Toys In The Attic
Aerosmith, a five-piece Boston hard-rock band with almost unlimited potential, can’t seem to hurdle the last boulder separating it from complete success. Like Toys in the Attic, their two previous LPs have had several stellar moments which were weakened by other instances of directionless meandering and downright weak material. That these albums stood the test of time is testimony to the band’s raw abilities and some outstanding production on the part of Jack Douglas — Toys in the Attic, I’m afraid, can’t claim the latter.

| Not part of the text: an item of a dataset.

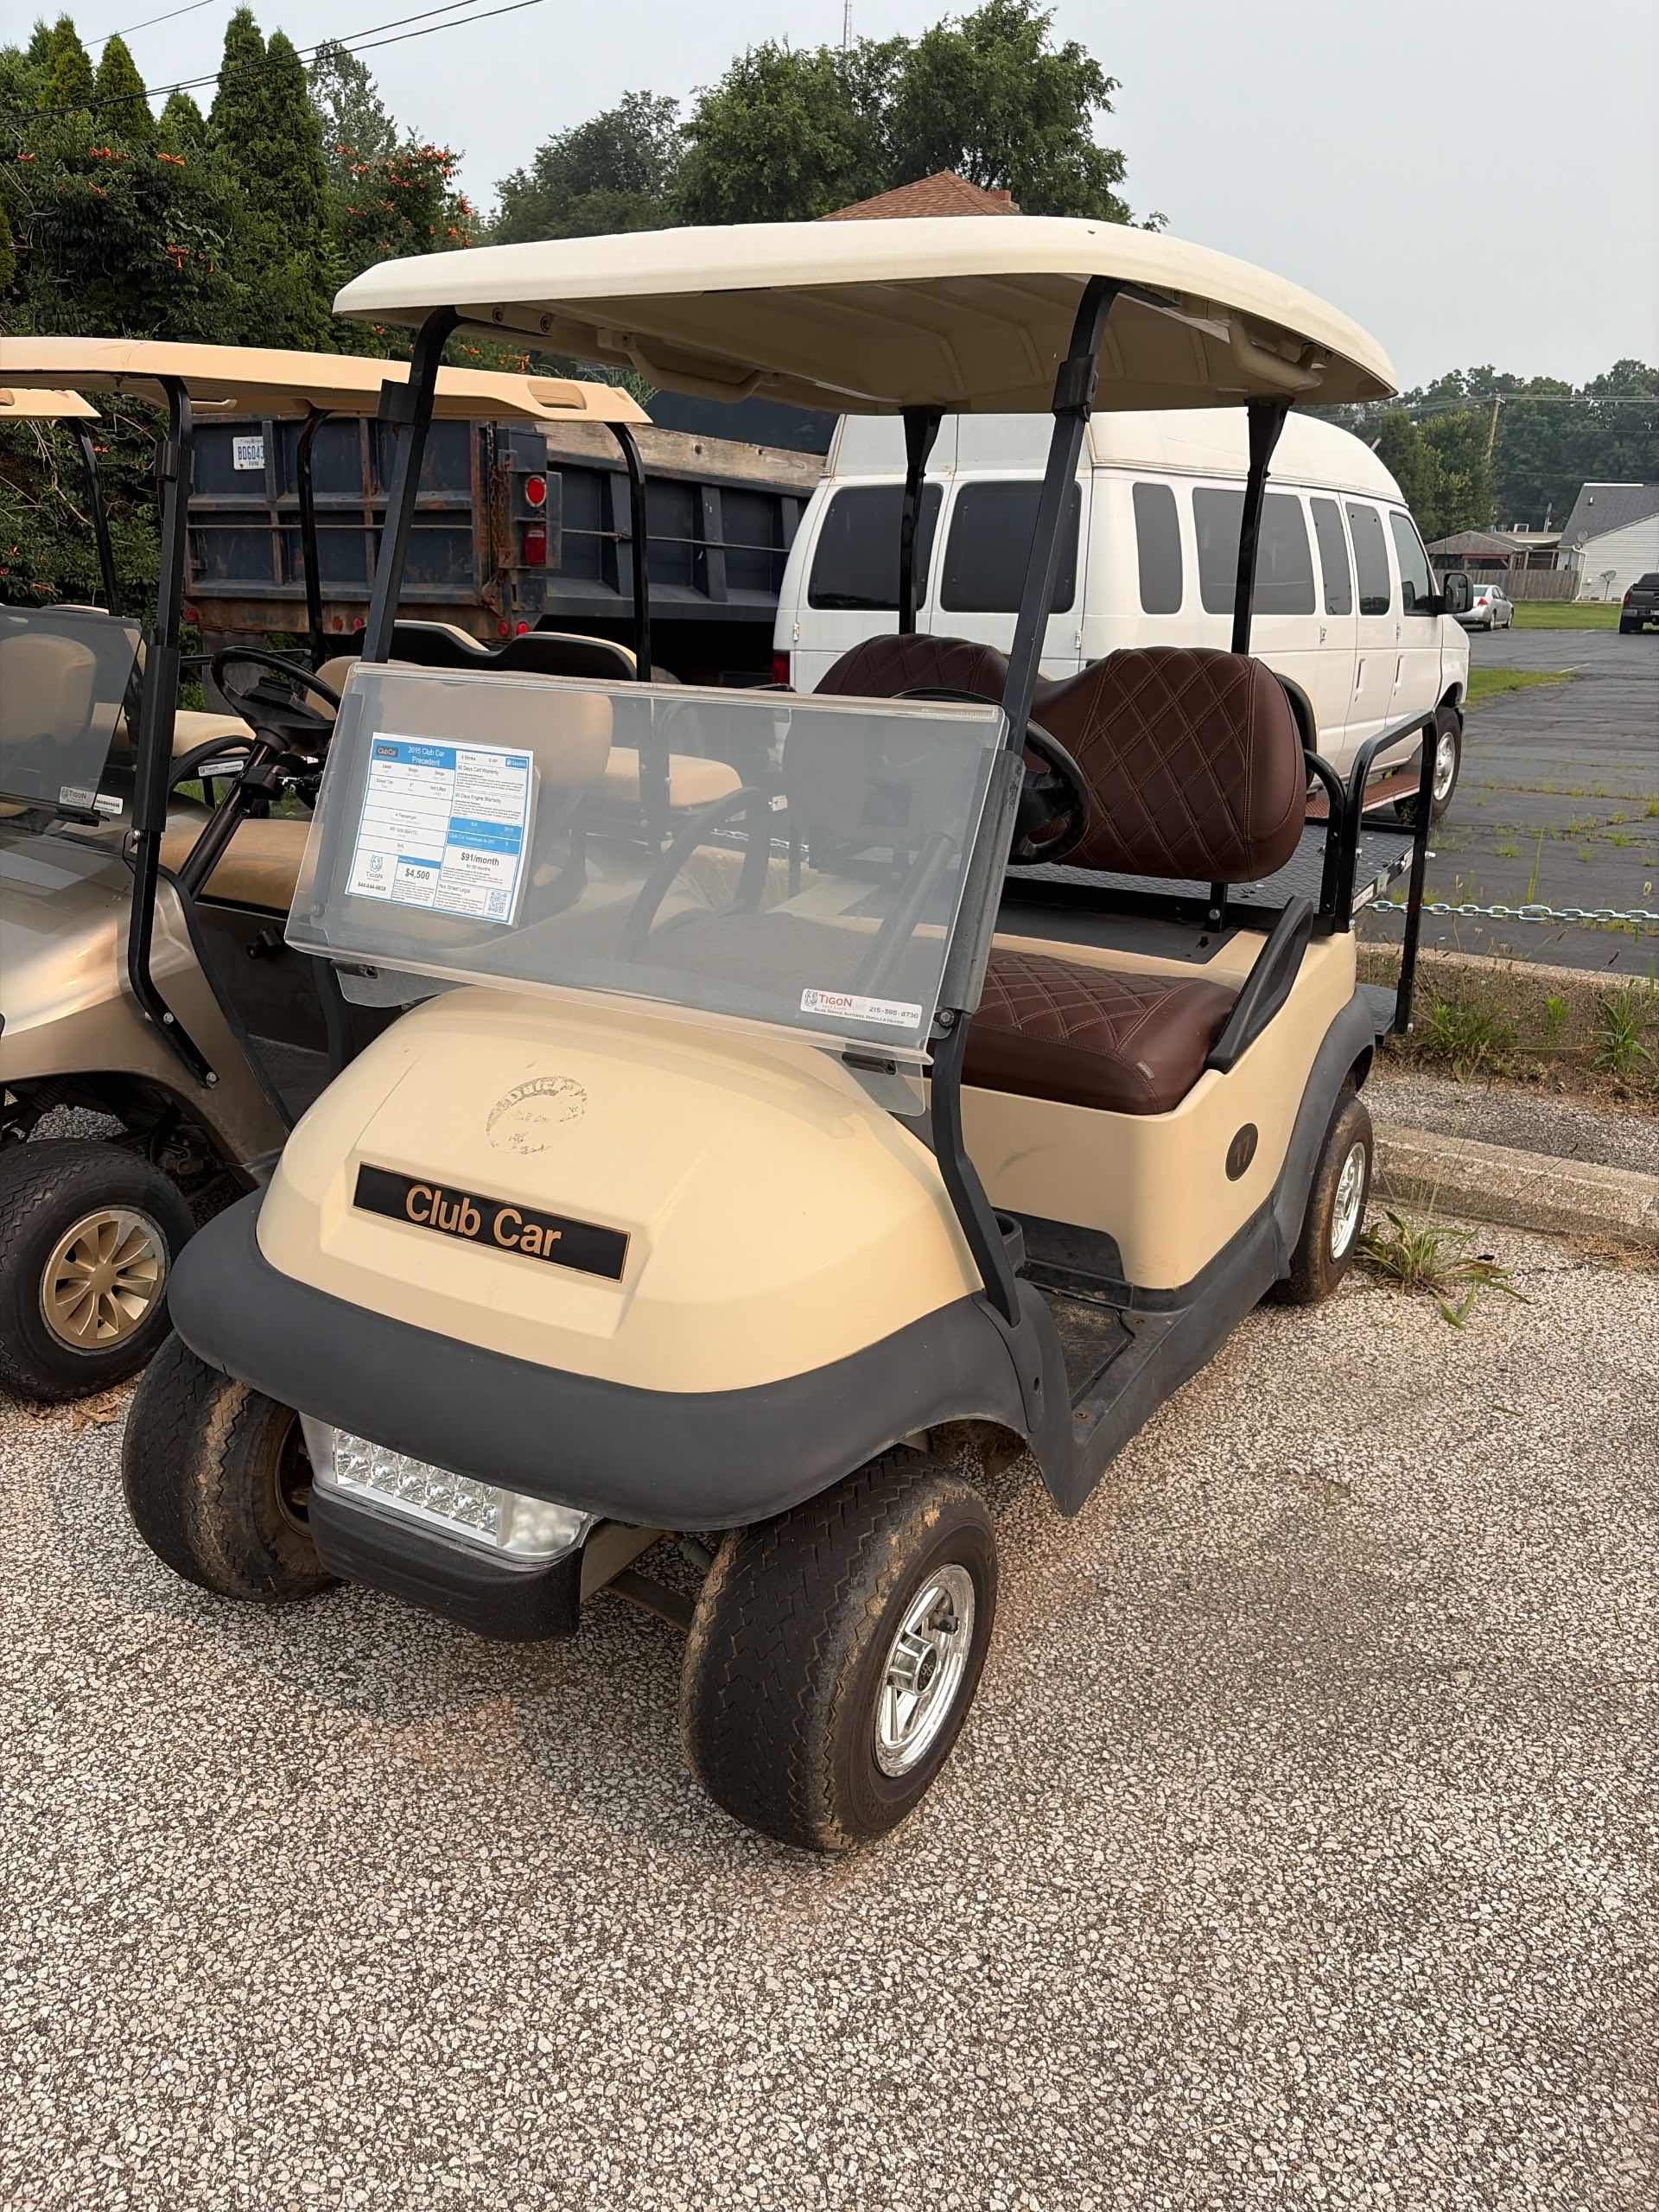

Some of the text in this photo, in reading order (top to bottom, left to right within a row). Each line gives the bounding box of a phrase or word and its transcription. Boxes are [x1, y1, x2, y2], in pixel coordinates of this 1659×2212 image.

[411, 756, 441, 766] Precedent
[461, 852, 499, 866] $91/month
[405, 1184, 562, 1256] Club Car

What’s really important to bands of this sort is initial impact — the production must explode, enveloping the listener with a rampaging barrage of sound. The ideal mix is hot and spacious, with each instrument well defined and immediately intimate. A mix, in fact, not at all unlike that of the band’s previous LP, Get Your Wings. On Toys, Aerosmith is given a more compact, jumbled mix that gives more of a “group” feel but robs them of that explosive ambience. Hence it’s much harder to get involved with the music at first exposure to it.
The material here follows the familiar patterns — some good moments, some nondescript ones. With their aggressive, ambisexual stance, reliance on bristling open chording and admitted mid-Sixties English rock roots, Aerosmith can be very good when they’re on, and material like “Walk This Way,” “Sweet Emotion” and the title cut adequately proves this once you’re past the generally oppressive production. “Big Ten-Inch Record,” “Uncle Salty” and “You See Me Crying,” though, are poor choices, changes of pace which deny the band the use of their strongest asset — hardnosed, aggressive raunch.
If Aerosmith can avoid the sloppiness that’s plagued their recent live performances, if they return to the production that made parts of Get Your Wings so memorable, and most importantly, if they avoid tepid, trite material, then their potential is extremely high.